The Woodlands Township board of directors is moving forward on surveying 208 acres of land for the future South Gosling Park after approving Halff Associates to begin work at the board's Sept. 27 meeting.

How we got here

The township acquired roughly 200 acres of land from real estate development company Howard Hughes in conjunction with the takeover of The Woodlands Waterway. Township Chief Operating Officer Chris Nunes said the township is obligated to take some kind of action on the property within 18 months; otherwise, ownership will revert back to Howard Hughes.

The details

The proposed South Gosling Park could become the largest park in the township’s system and have opportunities for a variety of amenities. However, Nunes told the board surveying the land is necessary to understand what kind of amenities would be best for the area.
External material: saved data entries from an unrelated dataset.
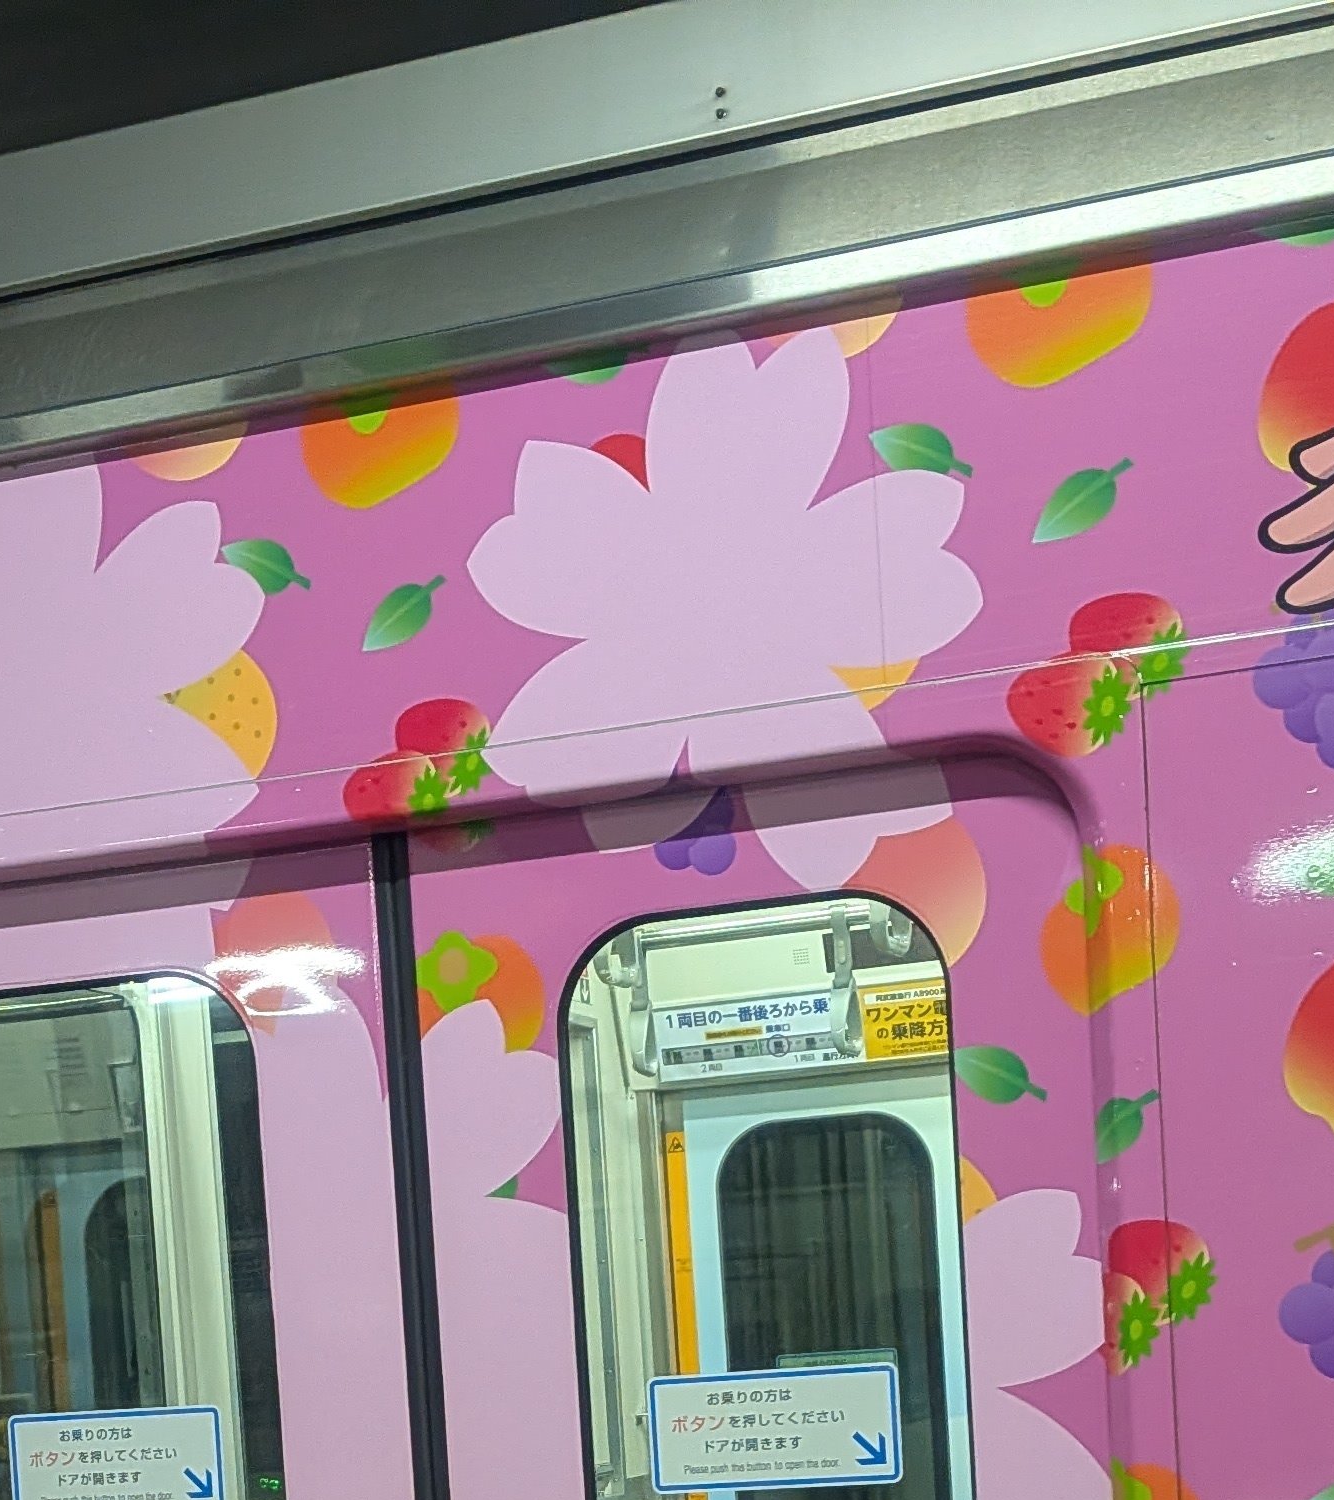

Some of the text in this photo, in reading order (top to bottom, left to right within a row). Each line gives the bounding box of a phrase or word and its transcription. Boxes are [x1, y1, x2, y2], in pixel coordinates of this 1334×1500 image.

[666, 998, 831, 1029] 1両目の一番後ろから乗
[876, 1019, 948, 1040] の乗降方
[706, 1388, 792, 1406] お乗りの方は
[671, 1409, 845, 1433] ボタンを押してください
[59, 1427, 132, 1442] お乗りの方は
[704, 1436, 802, 1453] ドアが開きます
[29, 1447, 178, 1467] ボタンを押してください
[774, 1460, 783, 1470] to
[57, 1471, 141, 1487] ドアが開きます
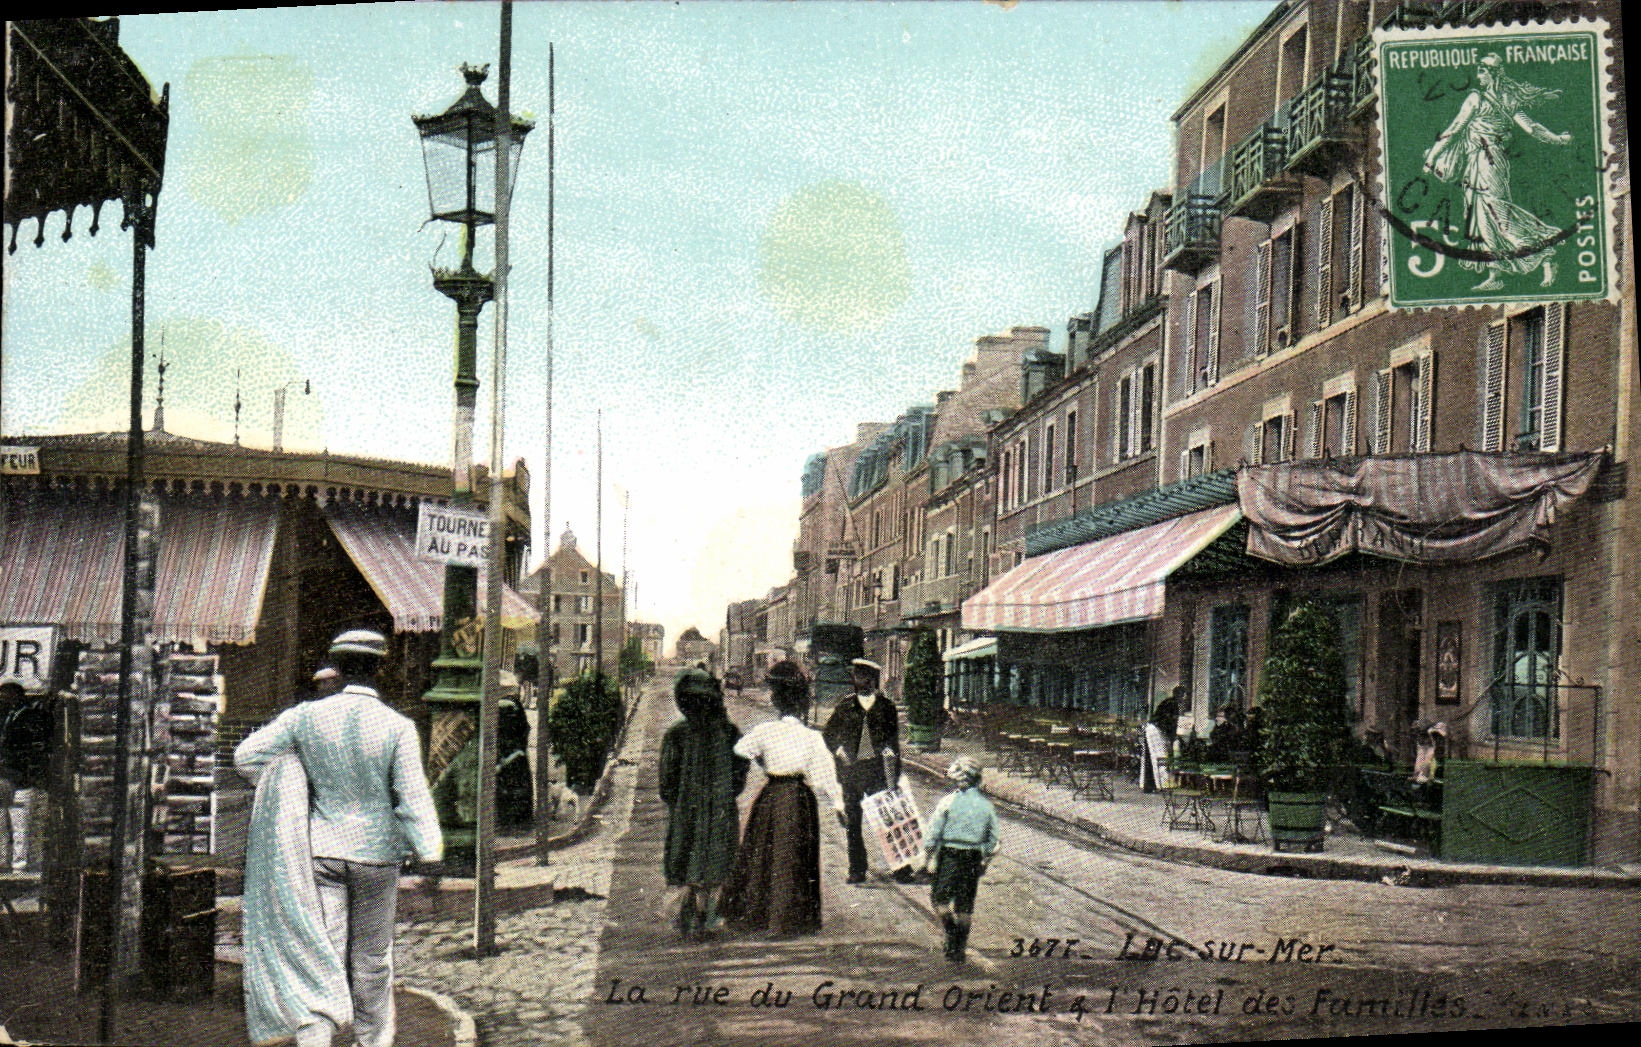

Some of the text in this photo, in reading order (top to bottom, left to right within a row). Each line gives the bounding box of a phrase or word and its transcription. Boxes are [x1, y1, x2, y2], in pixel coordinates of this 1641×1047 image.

[1505, 42, 1589, 66] FRANÇAISE
[1575, 194, 1598, 283] POSTES
[428, 537, 491, 560] AU PAS
Halff Engineering will begin Phase 1 of surveying and engineering, which includes:
  • Preliminary engineering design
  • Wetland analysis
  • Flood plain analysis
  • Topographical mapping
  • Conceptual design
Board members also agreed to a programming analysis because the park will be within Harris County. An analysis is required to ensure proper consideration of downstream impacts, according to information at the meeting. The study will take roughly six months to complete, and the results of the environmental study may limit what the township can do with the land.

What else?

With portions of Gosling Road within the Harris County flood plain and floodway, the township will need to meet a number of related standards to move forward. There is no designated funding for the project outside of the engineering services, which Nunes quoted at $308,000. A study completed in 2022 indicated a potential $36 million cost to develop South Gosling Park, and officials identified that area as a priority moving forward.

Quote of note

“We need to know what is there and what can be used; we don’t know exactly right now what on the north side can be used,” Nunes said. “This is the blank slate for the board and the community to figure out what it needs and what the community is missing right now in terms of recreational amenities.”